While iOS devices may generally suffer less from malware than competing smartphone platforms, that doesn’t mean there aren’t security risks. At this week’s RSA security conference, researchers demonstrated a flaw that allows a maliciously configured Wi-Fi access point to crash an iPhone–without the phone even joining that network.

Yair Amit of security firm Skycure, along with a pair of his colleagues, discovered that iOS devices were crashing when trying to connect to a new router. After some investigation they concluded that the problem lay in Secure Sockets Layer (SSL), the system that underlies secure web communication. With a specially crafted cryptographic certificate, a bug could be triggered which causes the iPhone to crash whenever an app attempts an encrypted web connection–something that many apps do in order to maintain security.

In certain circumstances, Amit and his team were able to cause an iPhone to go into an endless cycle of reboots, rendering it essentially unusable.

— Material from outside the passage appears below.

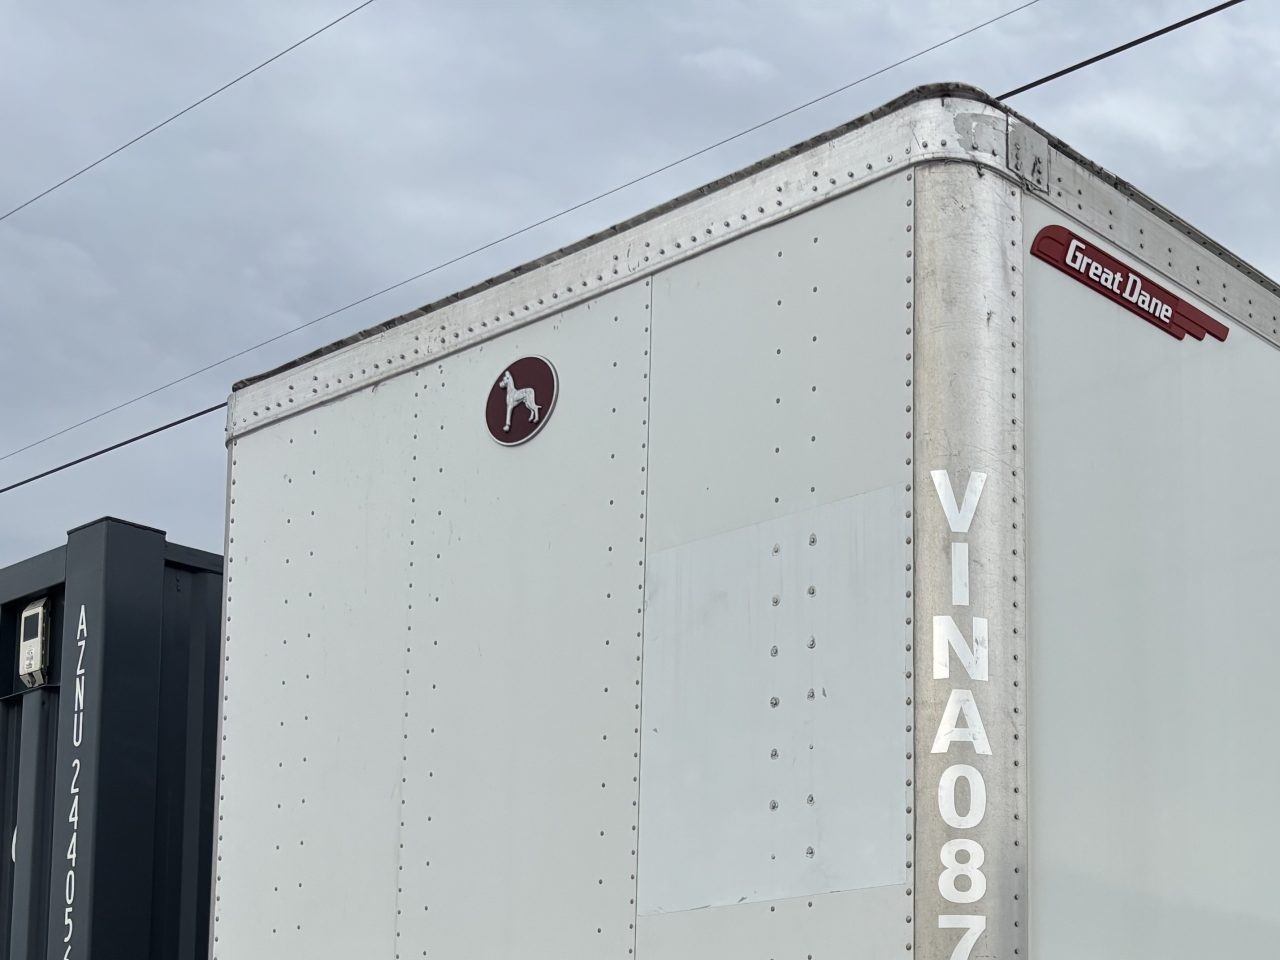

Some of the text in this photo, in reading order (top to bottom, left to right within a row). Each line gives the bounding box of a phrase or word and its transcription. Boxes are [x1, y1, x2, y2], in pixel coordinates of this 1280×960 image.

While it might seem like the simple answer here is not to connect to unknown Wi-Fi access points–good common-sense advice in general–Skycure’s researchers found a way to exploit the vulnerability without users explicitly telling their devices to join a network.

To do so, they used a second exploit they’d discovered back in 2013, where devices that run on certain mobile phone carriers are pre-configured to join carrier-specific Wi-Fi networks. For example, in the US, AT&T allows subscribers to use its ‘attwifi’ network for free; other carriers like Bell in Canada, SingTel in Singapore, Swisscom in Switzerland, and so on have similar set ups. These Wi-Fi network names are stored in the operating system itself, and can’t be directly accessed or edited by users. So simply naming a router’s network ‘attwifi’ will force iOS devices running on AT&T’s network to try and connect to the network automatically–thus potentially triggering the reboot bug.

The bug doesn’t do any permanent damage, but it is effectively a cheap–albeit somewhat limited–cell phone jammer.

Skycure says it’s submitted the vulnerability to Apple and is working with the company to fix it. They haven’t published the full information about the exploit to prevent it being used in the wild.